I thought this would be a pretty simple first blog post – Monsanto’s Roundup Contaminates More than Just the Food on the Store Shelves – but breast milk?
Nothing is supposed to be safer than breast milk. But as I looked deeper, I found a conspiracy, a profane alliance between industry, academia and the government.
As more facts come to light, industry and public research continue to soft-sell the dangers of GM crops and the herbicides that are so liberally soused on them. Residue levels of Roundup (glyphosate) are found to be increasingly higher on the food we eat, and what does the government do? It quietly raises the allowable residue levels on food.
So, it’s safe because they say it is, even though no research has been done to show it’s safe in the human diet. It is so pervasive, how could one study it?? Ninety-plus percent of the soy and 80-plus percent of the corn grown in the US are GM. This was Monsanto’s plan from the beginning, close to 30 years ago – to get it into the food system quickly, quietly so it can’t be stopped.

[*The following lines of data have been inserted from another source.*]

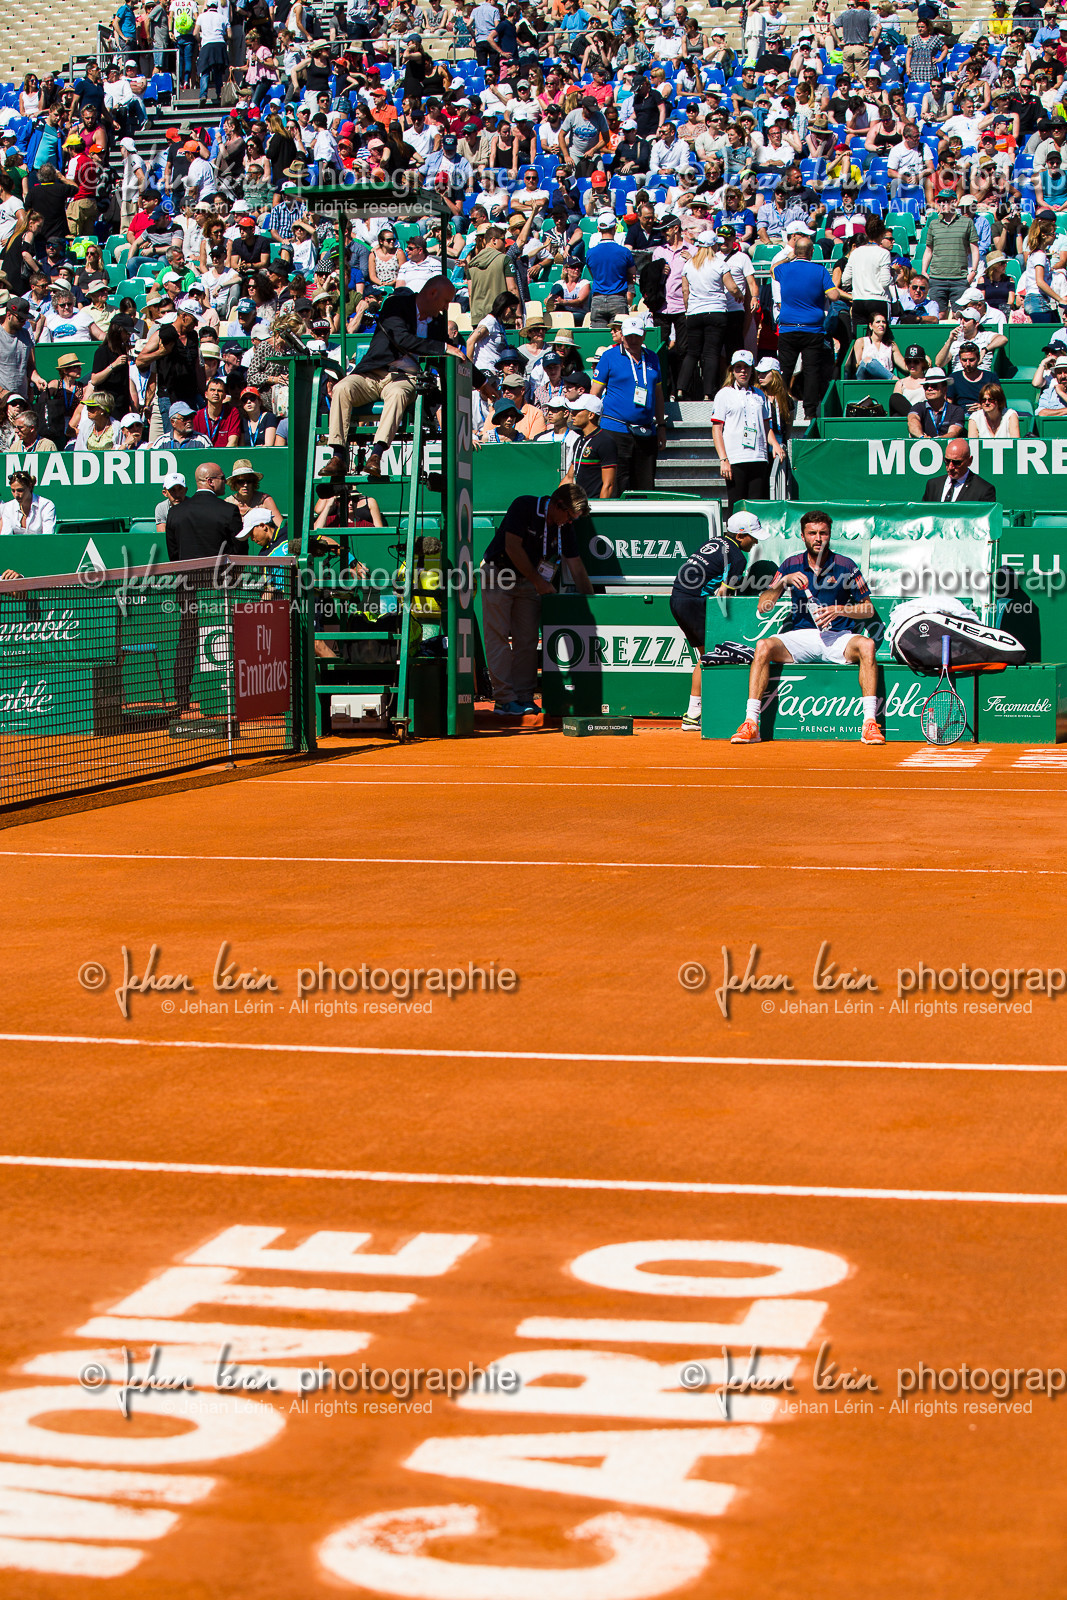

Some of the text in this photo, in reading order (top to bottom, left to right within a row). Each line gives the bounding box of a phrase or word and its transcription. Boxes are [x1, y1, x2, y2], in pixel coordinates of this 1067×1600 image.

[5, 450, 178, 487] MADRID
[256, 624, 271, 655] Fly
[944, 617, 1017, 646] HEAD
[546, 628, 700, 668] OREZZA
[238, 658, 288, 698] Emirates
[982, 695, 1053, 714] Façonnable
[800, 725, 862, 733] FRENCH RIVIE

So, one might ask, what was the impetus that caused the Food and Drug Administration to raise the acceptable residue levels on food? Well, it was a petition from IR-4 Project, which is, to quote the USDA: “Inter-Regional Research Project Number 4 (IR-4 Project, also referred to as the Minor Crop Pest Management Program) has been established since 1963 by the USDA Cooperative State Research, Education, and Extension Service in coordination with the Environmental Protection Agency to assist in the collection of residue and efficacy data in support of the registration or re-registration of minor use pesticides and the determination of tolerances for residues of minor use chemicals in or on raw agricultural commodities.”
Interesting that most of the tweets on the IR-4 site are from CropLife America; and who are they? The trade group for agriculture biotechnology, Monsanto et al. So, do you think they might pull some weight? Is anyone surprised that they would want acceptable pesticide residue levels to be higher? The only thing better would be unlimited residue levels. Why not – who cares about safety when there is money to be made?
But back to the breast milk. Moms Across America and Sustainable Pulse did a pilot study, because they wanted to know if, or how, herbicides were impacting their health. Fair question.
They noted, in regard to their study, “The purpose of this glyphosate testing project is to shed light upon the presence of glyphosate in our water, children’s bodies and mother’s breast milk, hopefully inspiring further scientific studies to support the world in being a healthy, safe place to live.”
Here is the whole story – they knew it was not a scientific study; they knew the powers that be would ignore it; they were just moms concerned about the health of their babies. They hoped, I assume, that our fine land-grant universities would take up the challenge.
Public universities should be concerned about the health of babies, too. CropLife America, however, is mostly concerned about corporate profit. And FDA is concerned about?
What are the chances that a credible, peer reviewed scientific study on glyphosate levels in breast milk will be done, and why? What could be safer than mother’s milk? Well, nothing, as long as no one looks.